*Your assignment*
If a record below holds a picture, leave the picture out and copy the rest exactly.
● ● ●
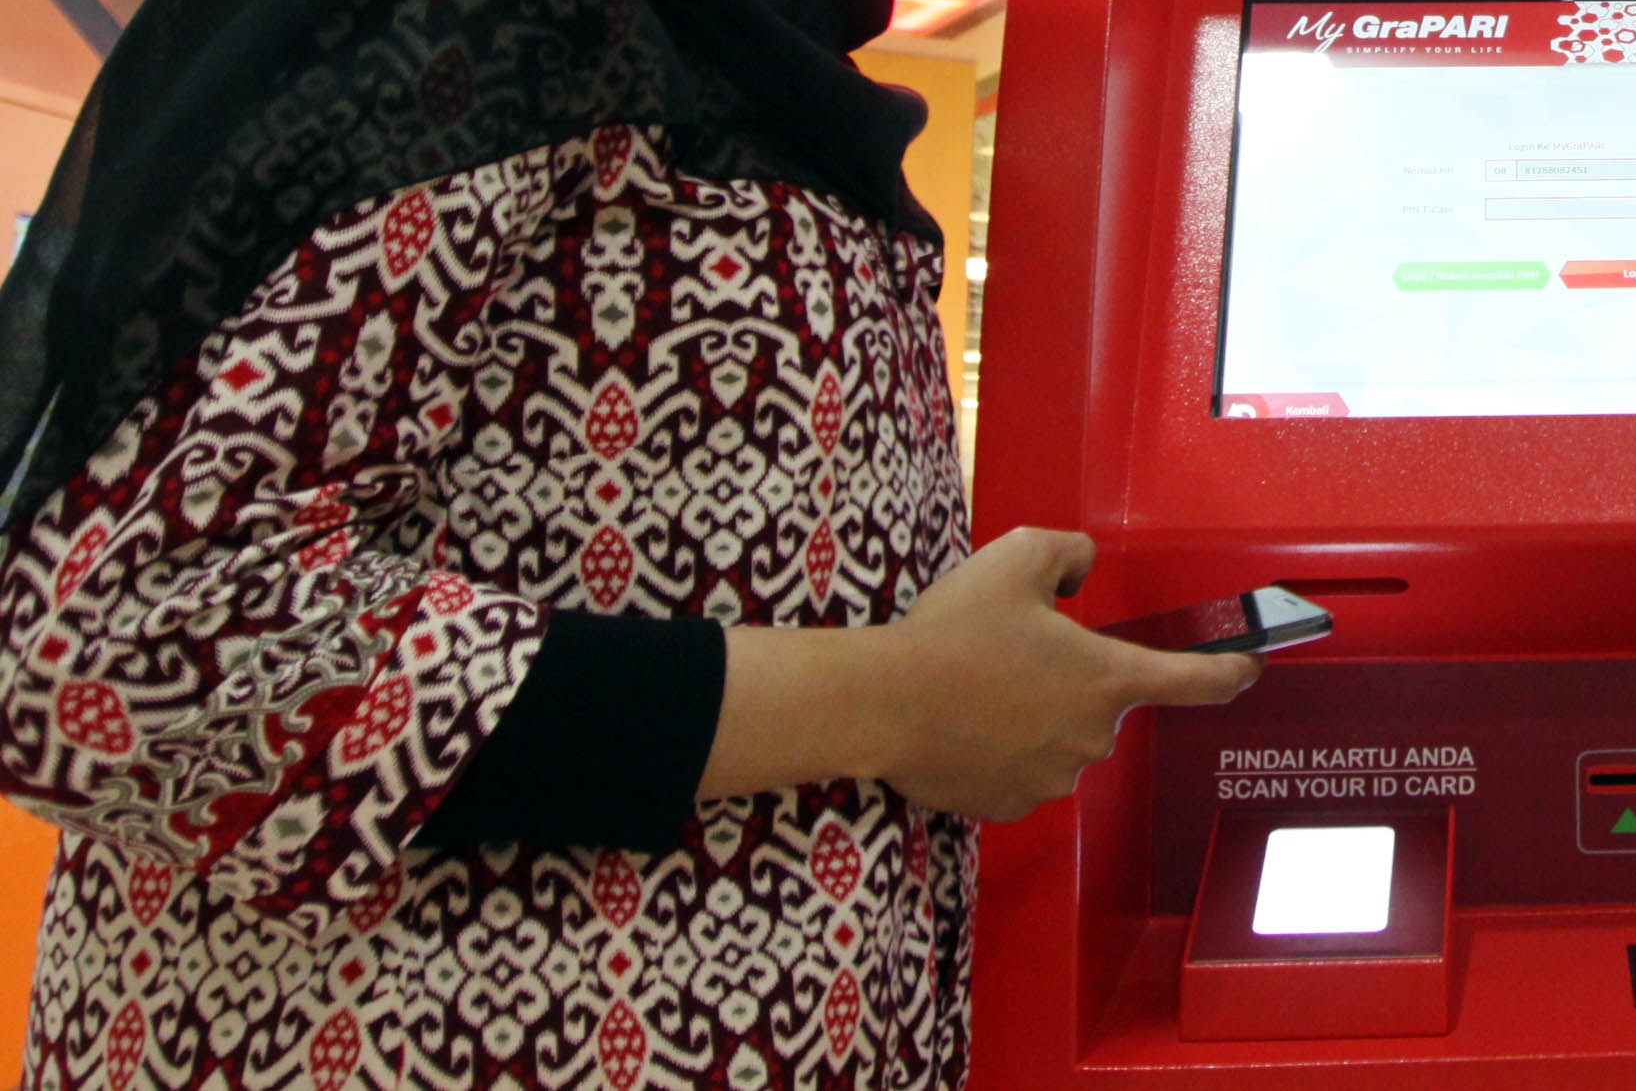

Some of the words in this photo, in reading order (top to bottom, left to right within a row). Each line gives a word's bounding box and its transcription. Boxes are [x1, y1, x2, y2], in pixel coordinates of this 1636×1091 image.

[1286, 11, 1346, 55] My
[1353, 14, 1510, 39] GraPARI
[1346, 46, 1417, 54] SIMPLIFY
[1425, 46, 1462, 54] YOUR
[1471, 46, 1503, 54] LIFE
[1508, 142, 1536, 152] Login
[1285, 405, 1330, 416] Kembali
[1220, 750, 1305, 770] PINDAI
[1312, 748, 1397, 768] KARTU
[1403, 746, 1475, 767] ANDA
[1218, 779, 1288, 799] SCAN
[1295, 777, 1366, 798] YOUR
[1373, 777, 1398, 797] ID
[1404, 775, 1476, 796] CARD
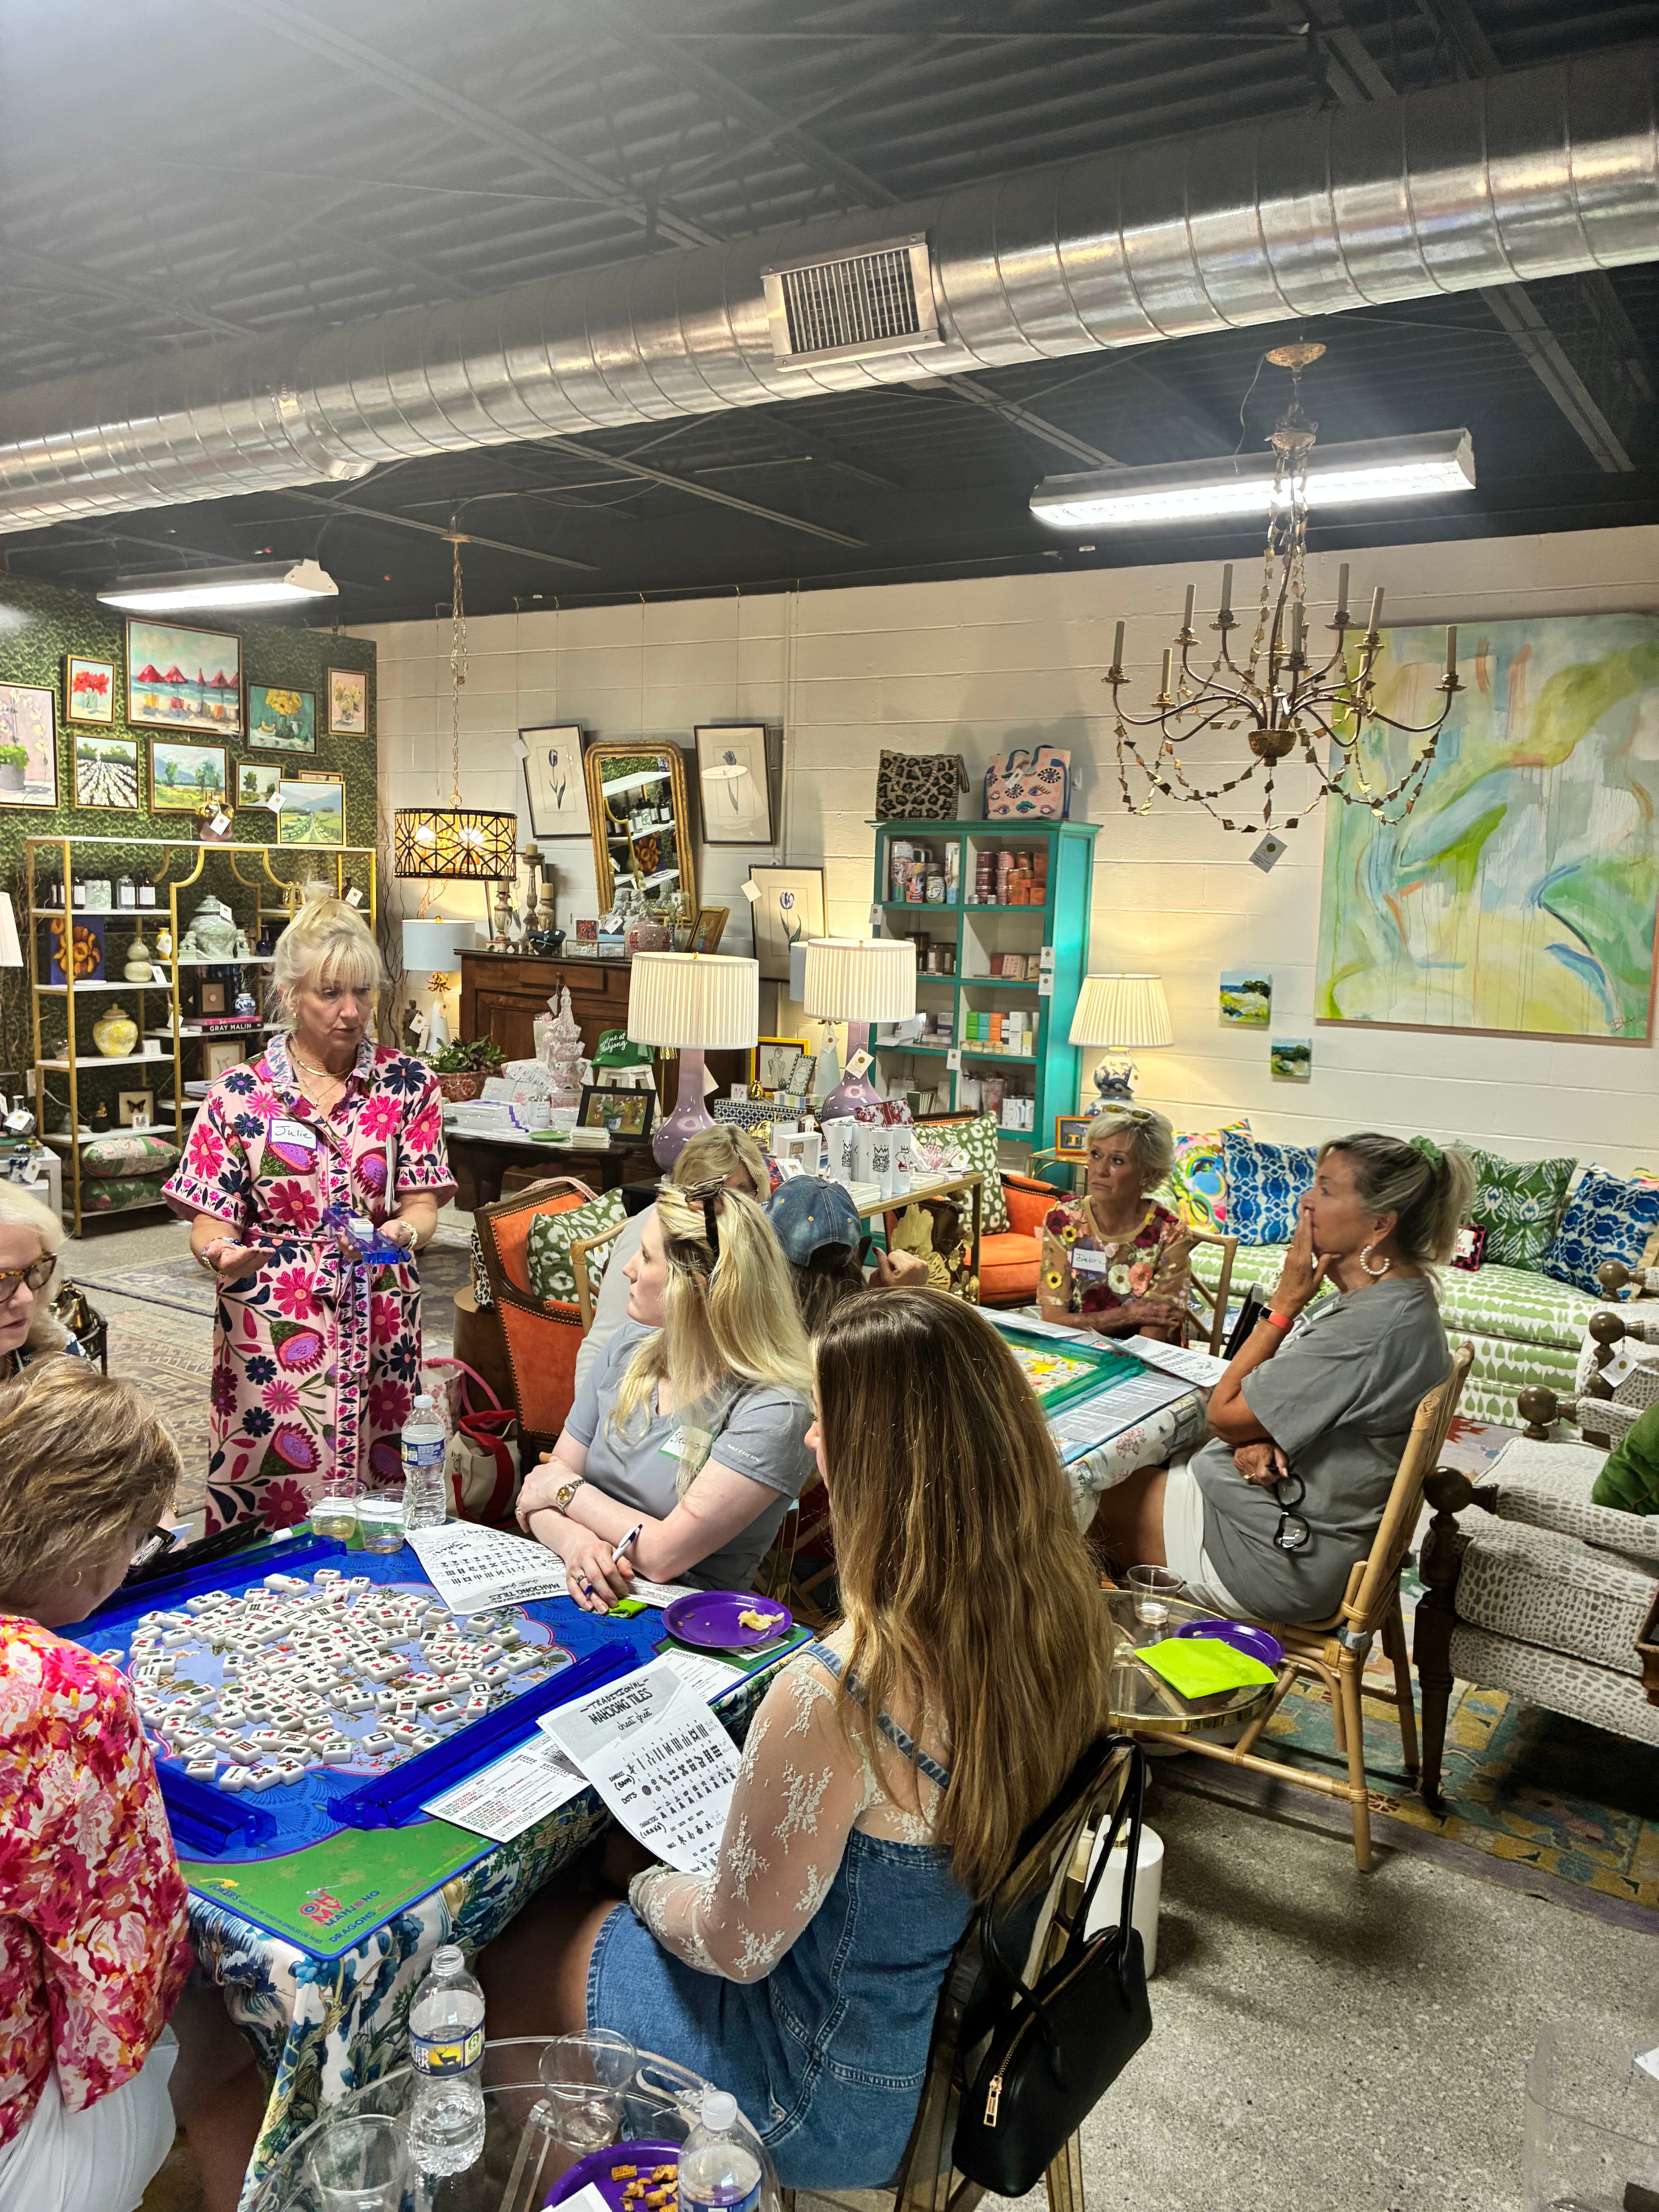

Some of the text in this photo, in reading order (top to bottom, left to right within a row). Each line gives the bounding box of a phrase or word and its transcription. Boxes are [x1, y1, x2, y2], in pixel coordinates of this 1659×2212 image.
● ● ●
*Answer section*
Some of the words in this photo, in reading order (top to bottom, left to right within a row). Each line gives a word's bounding box and its transcription. Boxes are [x1, y1, x2, y2], in pixel coordinates of this 1636×1091 image.

[1286, 11, 1346, 55] My
[1353, 14, 1510, 39] GraPARI
[1346, 46, 1417, 54] SIMPLIFY
[1425, 46, 1462, 54] YOUR
[1471, 46, 1503, 54] LIFE
[1508, 142, 1536, 152] Login
[1285, 405, 1330, 416] Kembali
[1220, 750, 1305, 770] PINDAI
[1312, 748, 1397, 768] KARTU
[1403, 746, 1475, 767] ANDA
[1218, 779, 1288, 799] SCAN
[1295, 777, 1366, 798] YOUR
[1373, 777, 1398, 797] ID
[1404, 775, 1476, 796] CARD

Some of the text in this photo, in reading order (top to bottom, left to right within a row). Each line gives the bounding box of a phrase or word and its transcription. Boxes are [x1, y1, x2, y2], in pixel coordinates of this 1659×2212 image.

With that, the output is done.